Research at El Zotz (Guatemala)

 

“In the shadow of a giant : research at El Zotz, Guatemala”

Stephen D. Houston  /  Brown University

Abstract

An enduring problem in studies of history and society is the question of political domination over people and landscape: how was such control achieved, and what were its varieties? An ideal setting to investigate this problem is ancient Maya kingdom of El Zotz, Guatemala, which flourished in the middle years of the first millennium CE. At El Zotz, preliminary evidence indicates the sudden creation of a dynastic seat, with all the palatial and mortuary facilities associated with Maya rulership.

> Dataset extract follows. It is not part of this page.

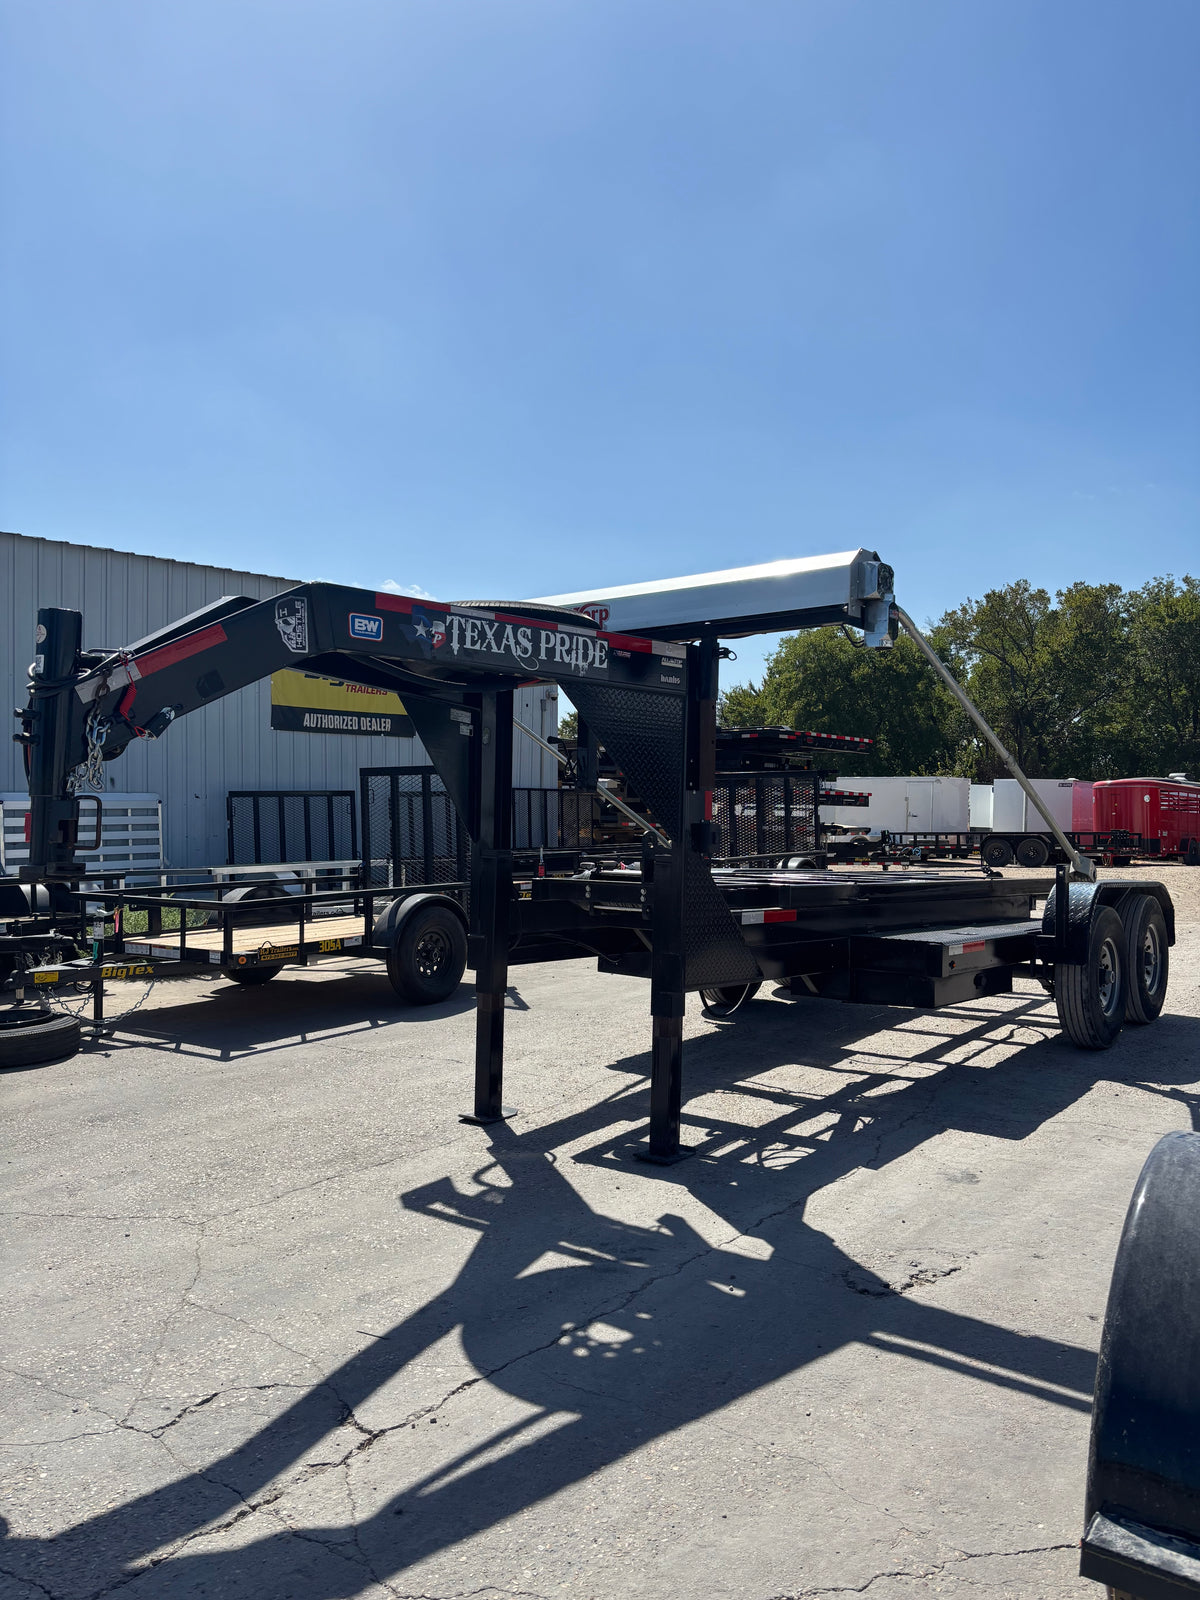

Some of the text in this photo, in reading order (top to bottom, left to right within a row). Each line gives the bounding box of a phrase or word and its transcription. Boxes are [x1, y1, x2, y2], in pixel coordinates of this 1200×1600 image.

The city appears to result from geopolitical strategy: (1) it was placed close to the immense Maya city of Tikal, with historical evidence of support from long-standing enemies of the Tikal dynasty; (2) it controlled a key route connecting two major regions of the Maya world; and (3) it flourished precisely when Tikal was weakened by surrounding dynasties of hostile intent. As a new royal court, El Zotz bears all the marks of a “founded” city or, in a recently developed label, a “reembedded capital.” It existed, not as an organic growth from local agriculture and settlement, but as the center of an innovative, reconfigured polity that flourished along a borderland between two larger kingdoms. As such, El Zotz relates to key debates about the nature of governance in traditional, pre-industrial polities of relatively modest scale: namely, whether decision-making was diffuse and conflictive (“heterarchical”) in such “city-states,” or centralized and hierarchical. El Zotz and its environs are targeted as part of a three-year investigation of broad scope and collaborative intent. The goal is to test explicit expectations of El Zotz as a “reembedded capital,” with a number of provable or deniable predictions: (1) poor linkages to agriculture; (2) disarticulation from earlier settlement; (3) novel religious and courtly practices; (4) relative instability and fragility; (5) deliberate contrasts in material culture, diet, and demography with competing kingdoms, and (6) further historical evidence from a region that remains poorly known, if savagely looted. The result will be fresh insights into the formation,growth, and decline of pre-industrial kingdoms and royal courts.